▶ Work task
Repeat the entries below exactly, pictures excluded.

▶ Data for review
Content starts

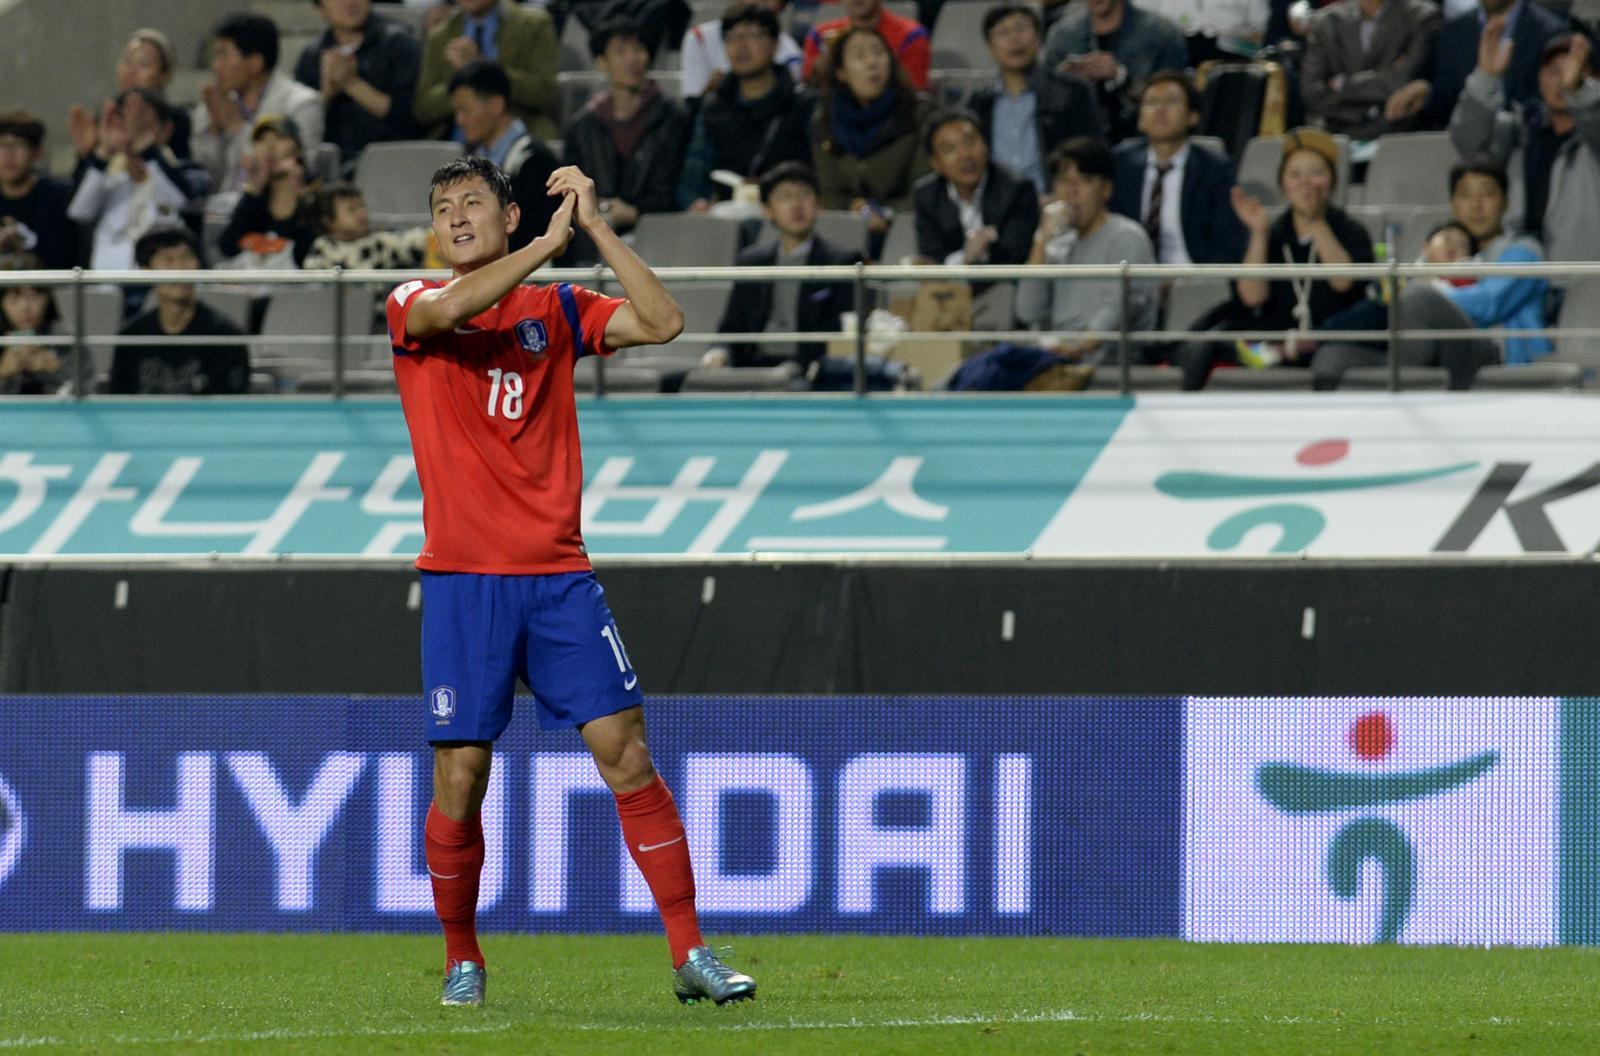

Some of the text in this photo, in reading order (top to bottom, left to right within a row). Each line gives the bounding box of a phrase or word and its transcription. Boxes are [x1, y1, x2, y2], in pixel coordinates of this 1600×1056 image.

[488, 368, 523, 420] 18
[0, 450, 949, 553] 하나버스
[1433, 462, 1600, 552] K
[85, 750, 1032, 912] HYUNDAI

Content ends

▶ Exercise solution
Some of the text in this photo, in reading order (top to bottom, left to right within a row). Each line gives the bounding box of a phrase or word and its transcription. Boxes are [x1, y1, x2, y2], in pixel coordinates of this 1600×1056 image.

[488, 368, 523, 420] 18
[0, 450, 949, 553] 하나버스
[1433, 462, 1600, 552] K
[85, 750, 1032, 912] HYUNDAI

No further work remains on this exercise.